Ох, мамочка, не хочется вставать!
Позволь еще минуточку поспать!
Еще ведь ночь, совсем темно кругом!
Ведь в темноте мы чай не отопьем!

Слово «отопьем» его немного раздражало. Может быть, так:


Ведь в темноте мы чаю не попьем?

Неважно. Главное — музыка.

Темнота рассеивается. Загорается коптилка (они ее звали почти по-итальянски «кабадилла»). Ария кабадиллы. Ария самовара. Ария чайника. Дуэт самовара и чайника...

Слова сочиняла Варя, а музыку — он. Сначала музыку, потом слова. Он напевал Варе мотив, она схватывала ритм и отвечала стихами. Неважные были стишки, он и не скрывал своего к ним презрения. Сам-то не умел рифмовать даже так, но делал вид, что до этого не снисходит.

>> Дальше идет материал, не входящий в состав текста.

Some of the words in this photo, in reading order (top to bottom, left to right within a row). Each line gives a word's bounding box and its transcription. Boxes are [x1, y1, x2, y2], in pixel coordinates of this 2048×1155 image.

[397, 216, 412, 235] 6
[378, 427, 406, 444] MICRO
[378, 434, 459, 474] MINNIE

Мама уходила на службу, а он, надев ее перчатки без пальцев (назывались «митенки»), садился за пианино и разыгрывал на ледяных клавишах отрывки из оперы. Темнота обозначалась звуками самых низких басов. Возникающий свет — движением вверх по клавиатуре. Пел арии — их с каждым днем становилось больше. Варя сидела рядом, восхищенно-покорная, закутанная выше ушей, и подсказывала слова, когда он их забывал. Очень хотела петь, но он ей почти не позволял: не тот слух. Волей-неволей допускал ее к участию в дуэтах, но придирался немилосердно: «Опять соврала на четверть тона!» Бедная, она и полтона-то с трудом различала. Всегда подчиненная, на вторых ролях. Чайник при самоваре. Как она чихала тоненько: «Ти!» Это «ти!» он ввел в партию чайника.

Один раз, впрочем, она его удивила: позволила себе критику. Сказала, что мотив арии мамы напоминает известную песенку «По улице ходила большая крокодила...». Он ее сразу же поставил на место: «Что ты понимаешь в музыке?», хотя, в сущности, она была права, он и сам что-то такое чувствовал. Но дело не в этом. Как он был горд и счастлив, сочинив коронный номер своей оперы — арию воблы!

Вобла — в наше время деликатес, за которым давятся в очередях, — тогда была не редкостью, а едой, наряду с дурандой, столовским супом, картофельными очистками. Сухая, красно-бурая, с кристаллами выступившей соли, твердая, как доска. Перед тем как есть, ее долго колотили о кухонную плиту, чтобы размягчить, пока не распадалась на тонкие ремешки — волокна. Такое волокно можно было жевать и сосать, жевать и сосать, не глотая! Часами длилось наслаждение одной рыбиной...

И вот однажды ночью, не вставая с постели, он сочинил и спел в уме свой шедевр — арию воблы. Без слов, одна музыка. Но какая! Торжествующая, светлая (теперь сказали бы «жизнеутверждающая»). Не терпелось тут же, сразу, сыграть ее на пианино. Но маму нельзя было будить (Варя не в счет). Он только нетерпеливо барабанил пальцами по бедру, мычал мелодию где-то у себя в носу и неслышно, в такт пристукивал валенками по спинке дивана.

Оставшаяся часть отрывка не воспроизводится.